Trading in GameStop was halted eight times before noon on Monday because of volatility.

Mr. Gill became a cause célèbre in 2021 after his posts on the Reddit subcategory Wallstreetbets ignited a David-versus-Goliath battle with large hedge funds that were betting heavily against the survival of GameStop.

The small guys won, at least for a while, driving shares of GameStop up more than 1,000 per cent in 2021 and other meme stocks as well. AMC (AMC-N) jumped 2,300 per cent in a very short span of time in the same year.

Some big traders posted colossal losses as GameStop shares raced from less than US$20 to close to US$400 each. Citron Research, Melvin Capital and other well-known hedge funds lost an estimated US$5-billion, according to analytics firm S3 Partners.

Some of those new and smaller investors believed, at least in part, that Ryan Cohen, co-founder of Chewy.com, could push the traditional retailer in a more online direction. Mr. Cohen built up a stake in GameStop before eventually joining the board and last year becoming its chief executive.

Joining the meme surge Monday was AMC Entertainment Holdings Inc., which leapt 33 per cent. Koss Co. (KOSS-Q), a headphone manufacturer, spiked 25 per cent, and BlackBerry Ltd. (BB-T), the onetime dominant smartphone maker, rose 7 per cent. The retailer Bed, Bath & Beyond, another meme stock, sought bankruptcy protection last year.

Some meme stocks, including GameStop and AMC, had been climbing earlier this month, and rapidly.

Shares of GameStop, which have faded steadily since 2021, had already risen 57 per cent this month. In January, GameStop reported its first annual profit since 2018, although it’s still unclear if Mr.

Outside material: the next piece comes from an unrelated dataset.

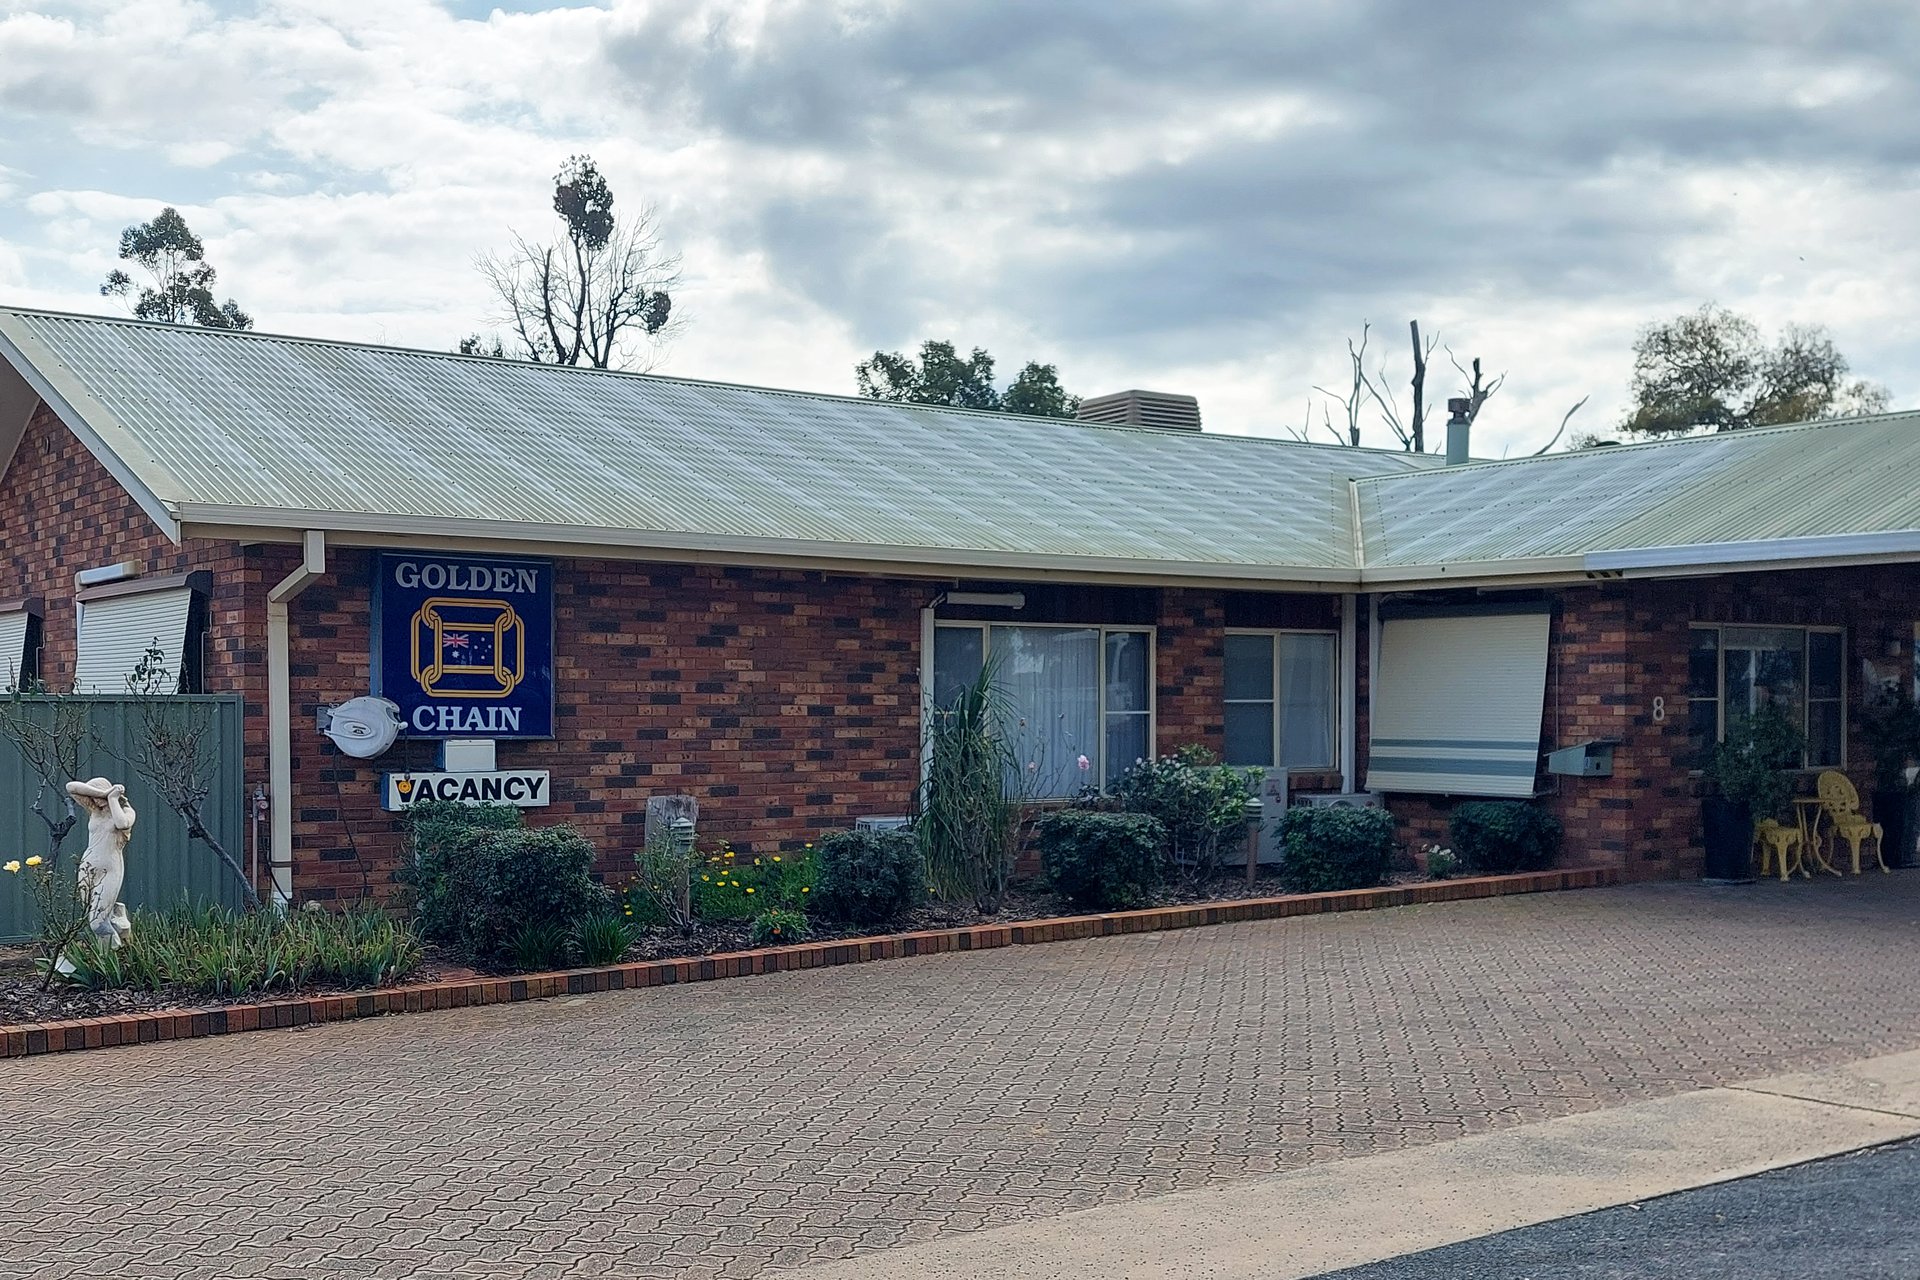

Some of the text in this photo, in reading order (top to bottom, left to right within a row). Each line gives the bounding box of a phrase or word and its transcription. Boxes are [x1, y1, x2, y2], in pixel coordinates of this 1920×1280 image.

[395, 562, 538, 594] GOLDEN
[412, 705, 522, 731] CHAIN
[1653, 696, 1665, 721] 8
[395, 777, 545, 803] VACANCY

Cohen’s turnaround plan will succeed.

AMC had risen 10 per cent over the past 30 days.

Those companies broke out Monday after Mr. Gill’s tweet.

The dynamics of the market as far as companies such as GameStop are concerned have changed, however.

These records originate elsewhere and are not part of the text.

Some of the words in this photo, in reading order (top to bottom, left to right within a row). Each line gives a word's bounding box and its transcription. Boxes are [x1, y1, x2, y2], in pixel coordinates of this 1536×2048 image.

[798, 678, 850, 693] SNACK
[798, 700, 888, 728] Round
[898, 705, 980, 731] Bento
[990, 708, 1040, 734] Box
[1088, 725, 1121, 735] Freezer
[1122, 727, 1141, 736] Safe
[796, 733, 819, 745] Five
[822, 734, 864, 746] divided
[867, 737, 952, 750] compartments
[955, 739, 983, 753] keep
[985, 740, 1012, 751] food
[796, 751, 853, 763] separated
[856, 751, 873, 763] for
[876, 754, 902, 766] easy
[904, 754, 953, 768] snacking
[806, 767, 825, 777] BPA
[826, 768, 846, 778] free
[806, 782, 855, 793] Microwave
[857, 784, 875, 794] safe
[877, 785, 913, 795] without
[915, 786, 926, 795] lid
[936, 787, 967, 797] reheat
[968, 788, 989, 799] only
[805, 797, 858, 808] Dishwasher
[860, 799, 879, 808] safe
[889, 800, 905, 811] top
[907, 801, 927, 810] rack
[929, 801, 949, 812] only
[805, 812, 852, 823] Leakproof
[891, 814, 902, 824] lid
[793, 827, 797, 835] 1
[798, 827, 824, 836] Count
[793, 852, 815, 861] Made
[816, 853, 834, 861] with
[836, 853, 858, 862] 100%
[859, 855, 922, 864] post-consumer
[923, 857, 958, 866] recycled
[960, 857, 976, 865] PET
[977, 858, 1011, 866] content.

When Mr. Gill and an online army of retail investors began buying up shares of GameStop, more than 140 per cent of the company’s tradeable shares were being shorted. That distorted number comes from the fact that some traders were borrowing against already shorted stocks to build even bigger bets against the company, vastly increasing their losses when the stock began to climb.

The short positions against GameStop’s tradable shares now stand just over 24 per cent, slightly more than the 22.5 per cent recorded in January.

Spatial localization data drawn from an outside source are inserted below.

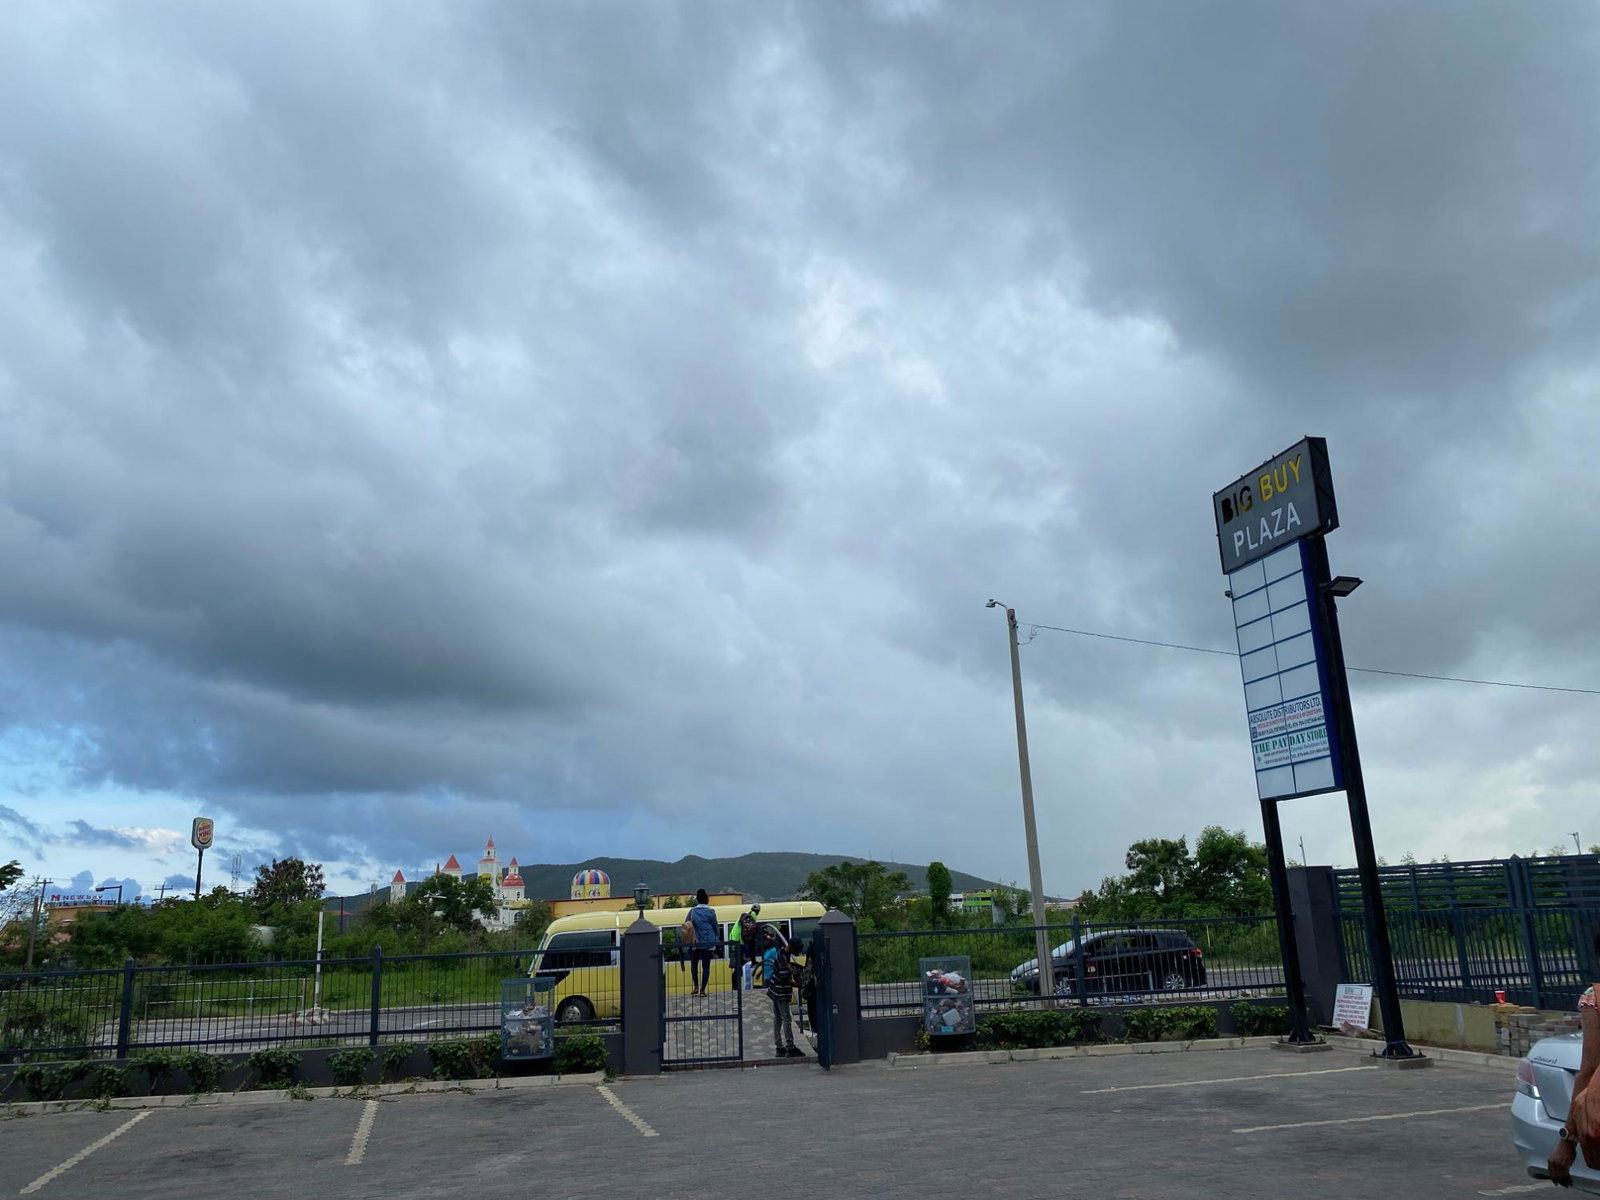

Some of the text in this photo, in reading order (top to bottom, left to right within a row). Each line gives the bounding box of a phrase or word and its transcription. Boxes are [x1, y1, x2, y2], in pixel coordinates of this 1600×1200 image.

[1221, 454, 1301, 524] BIG BUY
[1233, 501, 1301, 557] PLAZA
[1250, 710, 1273, 723] ABSOLUTE
[1273, 699, 1310, 718] DISTRIBUTORS
[1254, 741, 1270, 754] THE
[1306, 728, 1327, 741] STORE
[198, 829, 212, 840] KING
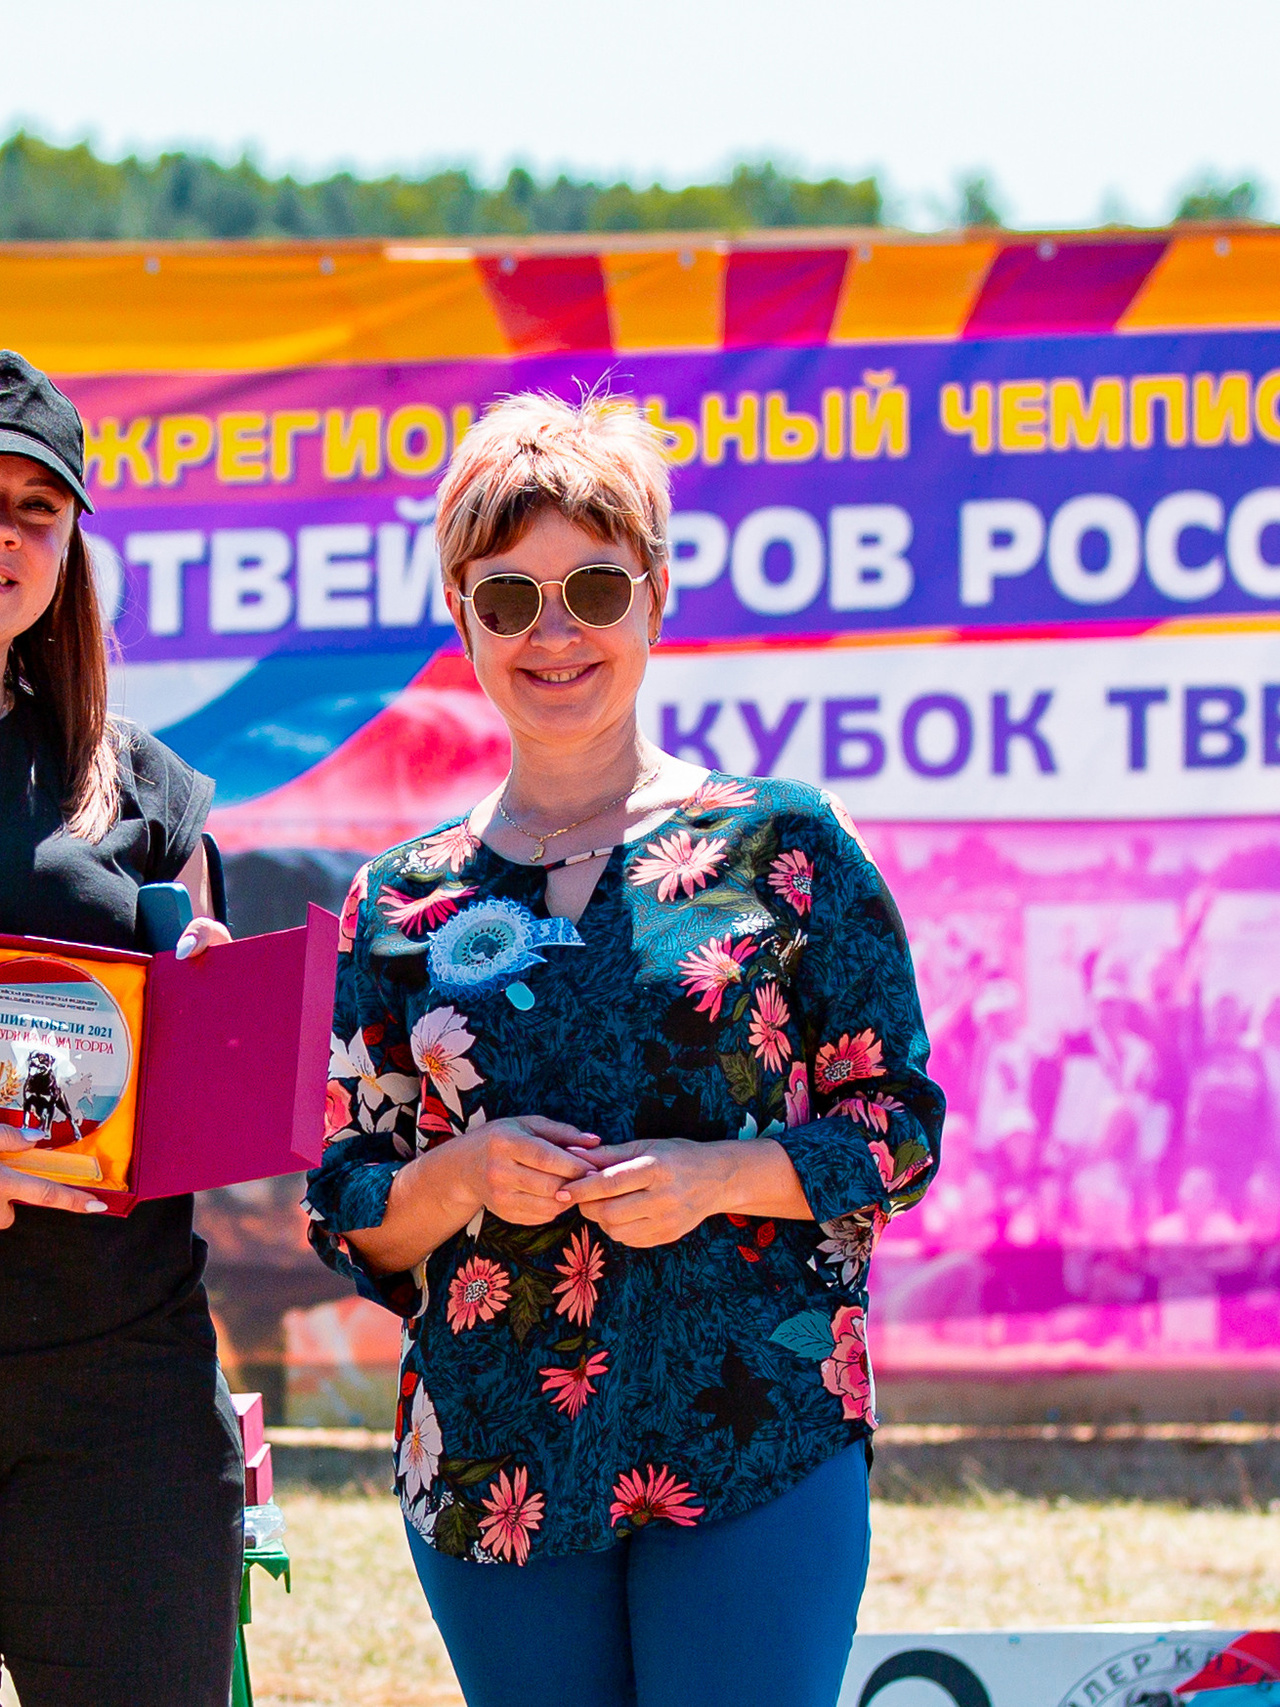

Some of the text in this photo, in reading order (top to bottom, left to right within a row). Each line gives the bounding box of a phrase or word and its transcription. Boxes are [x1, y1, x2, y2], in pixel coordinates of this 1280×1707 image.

[659, 688, 1059, 782] КУБОК
[31, 1016, 85, 1034] КОБЕЛИ
[88, 1025, 113, 1039] 2021
[74, 1038, 114, 1054] ТОРРА

Mr. Gill reaped a big profit investing in a troubled video-game retailer, but denied when he appeared virtually at a congressional hearing that he used social media to drive up GameStop’s stock price.

He told lawmakers at the time simply, “I like the stock.”

As Roaring Kitty, Mr. Gill had vanished from messaging boards after posting a video in June, 2021, of kittens going to sleep.

The story of Roaring Kitty and the meme-stock craze was turned into a movie last year called Dumb Money.